Учителя уже собирались разъезжаться кто куда, строили планы. Только Локотков из них, пожалуй, не хотел никуда ехать, и все лето намеревался провести в Рябинино. Даже на родину, к матери его не тянуло. Так он и написал ей, и мать не обиделась, сообщила в ответ, что сама выберет возможность приехать к нему на недельку, посмотреть, как устроился. А ему хотелось провести это лето одному, подальше от шума, от людных знакомых мест, чтобы это было — его лето, и только его. И без ненужной житейской суеты. Надо отдохнуть, сколько можно? Ходить на рыбалку (хотя Локотков раньше даже разговоров о ней не мог выносить!), по ягоды, за грибами, окучивать картошку в огороде Веры Даниловны, сидеть вечерами на крылечке и думать о том, что было, что будет, чем сердце успокоится… За лето он узнает рябининских жителей, войдет в курс многих дел. А ехать… куда ему ехать? Можно сказать, что был уже везде: где хотел и где не хотел.
18
Лишь только кончился учебный год, освободив Локоткова от разных школьных хлопот, — квартирная хозяйка его, Вера Даниловна, засобиралась объехать своих детей. Среди многих советов и наказов, данных перед отъездом, было и такое: присмотреть, сколько станет возможно, за Костей Шубиным, деревенским карликом-дурачком, не дать ему пропасть с голоду, если мать снова перестанет кормить его и пускать домой.
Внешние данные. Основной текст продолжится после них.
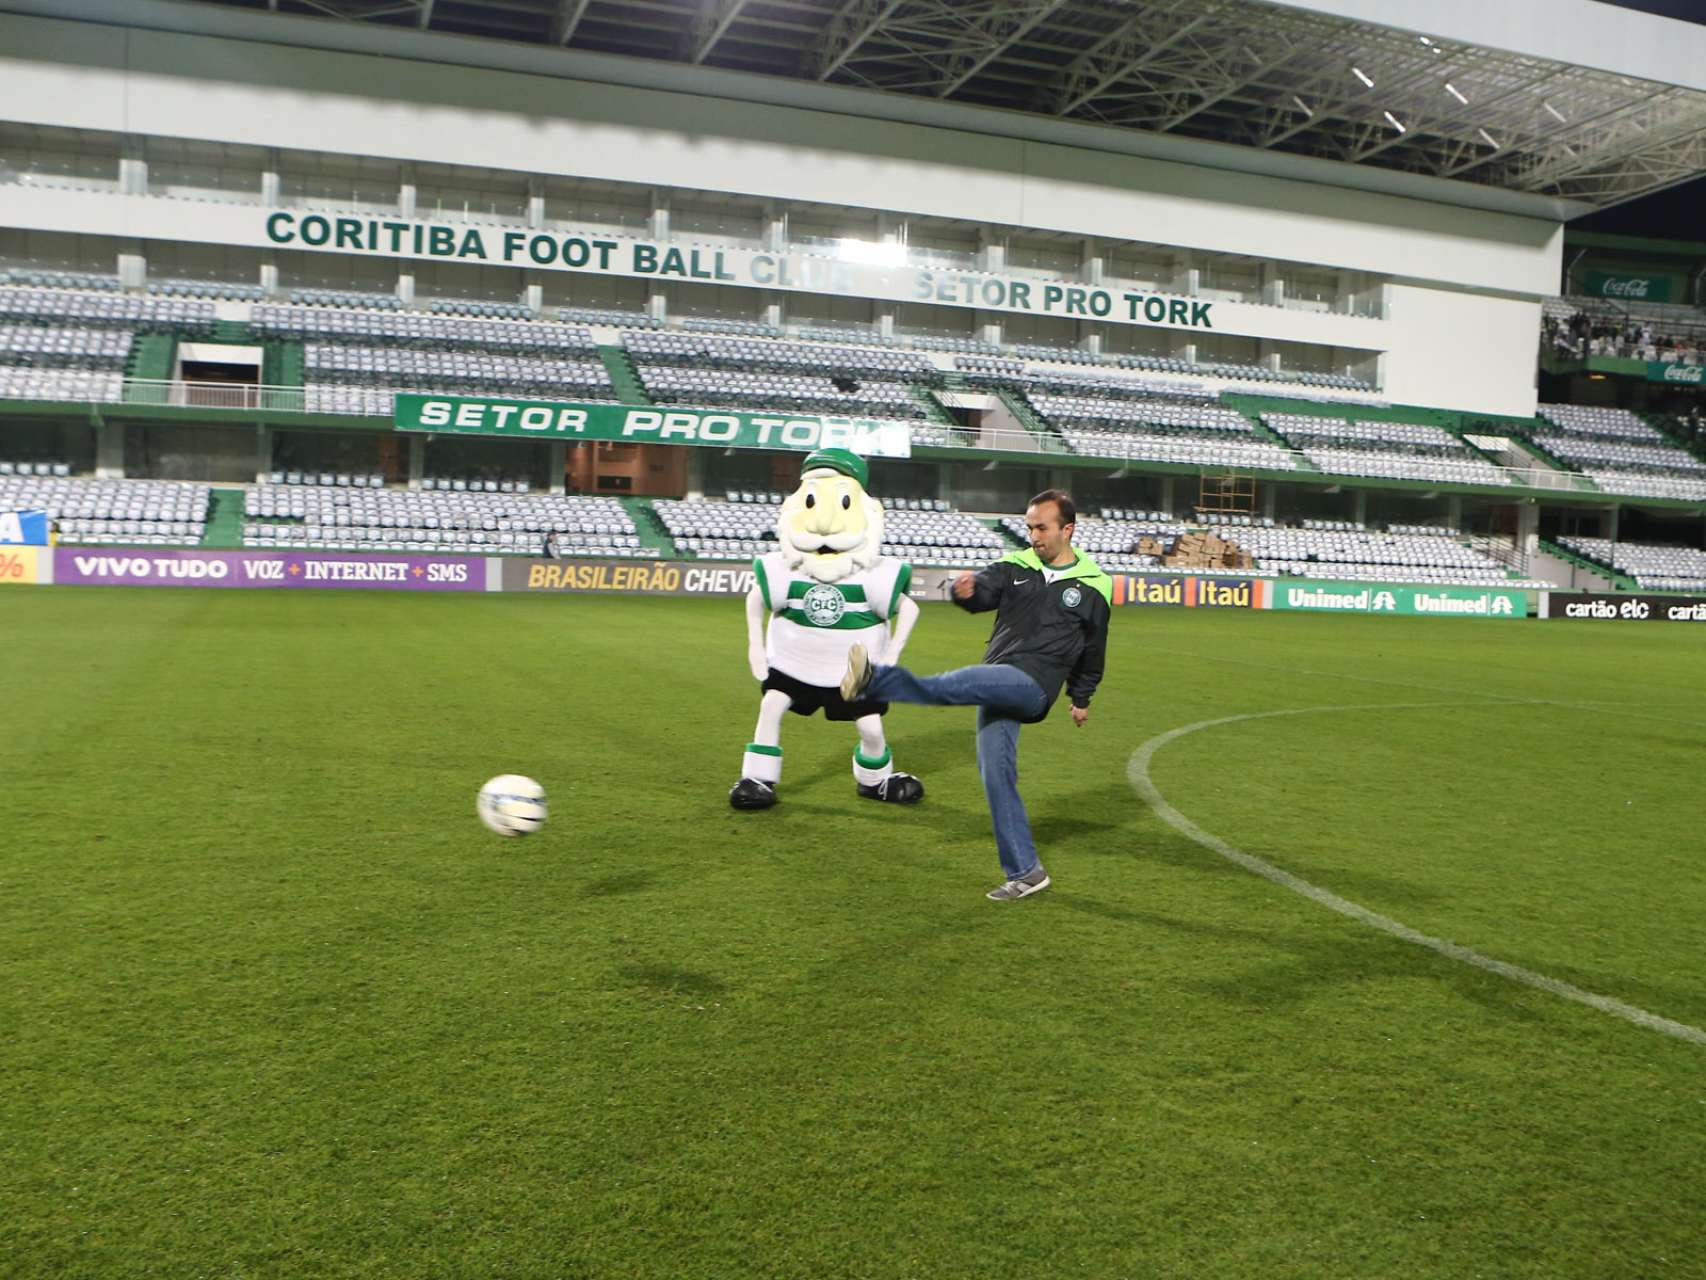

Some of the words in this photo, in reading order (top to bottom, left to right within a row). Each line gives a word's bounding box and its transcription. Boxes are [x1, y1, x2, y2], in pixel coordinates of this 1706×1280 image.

[266, 212, 488, 260] CORITIBA
[503, 232, 618, 270] FOOT
[632, 244, 736, 281] BALL
[912, 271, 1031, 309] SETOR
[1043, 285, 1112, 317] PRO
[1124, 294, 1213, 327] TORK
[419, 401, 588, 434] SETOR
[621, 410, 739, 441] PRO
[74, 556, 150, 577] VIVO
[154, 558, 228, 578] TUDO
[243, 559, 284, 579] VOZ
[304, 561, 408, 581] INTERNET
[427, 563, 468, 583] SMS
[528, 561, 680, 592] BRASILEIRÃO
[1128, 577, 1181, 604] Itaú
[1199, 579, 1249, 607] Itaú
[1288, 588, 1369, 610] Unimed
[1414, 593, 1488, 614] Unimed
[1565, 600, 1617, 619] cartão
Костя Шубин был уже немолод, родила его мать-крестьянка Нюра в конце сороковых годов, в лагере для заключенных. Отец его был неизвестен. Сначала он содержался в Доме ребенка при лагере, а после его отправили в интернат для умственно отсталых детей. Мать, освободившись, приехала за ним, и они стали жить в ее деревне, в Рябинино. Костя хоть и рос уродом, но мать его любила, одевала, как могла, работая на ферме. Пока не сошла с ума. Мания ее заключалась в том, что на все попадавшие в руки деньги она стала закупать хлеб и прятала его в мешках в голбце, в конюшне, на огороде, на чердаке… Откуда она только его не возила! Ее знали в хлебных магазинах даже в райцентре. Дома она навесила на двери и ворота разных запоров и замков и первые дня три после очередной большой покупки хлеба, пока она его прятала и перепрятывала, никому не открывала, и не откликалась на голоса. Все это время ее сын, карлик Костя, питался и спал у чужих людей. Да и вообще жизнь в материнском доме стала ему тяжела: мать, если пускала в избу, то попрекала каждым куском, да еще и обыскивала беднягу, пытаясь обнаружить в одежде якобы спрятанный хлеб. Его отправляли несколько раз в Дом инвалидов, но он оттуда сбегал, неведомым образом находил дорогу обратно. Питался он просто: приходил и садился на крыльцо или на лавочку перед каким-нибудь домом. И никто никогда не отказывал ему: даже самый злой боялся людского осуждения. С ночлегом летом тоже не было проблемы: Костя мог забраться на любой сеновал, в любой чулан. Собаки не лаяли на него. А зимой ночевал или на ферме, в красном уголке, или в сторожевых будках. Иногда хозяева, накормив его ужином, предлагали и остаться на ночь.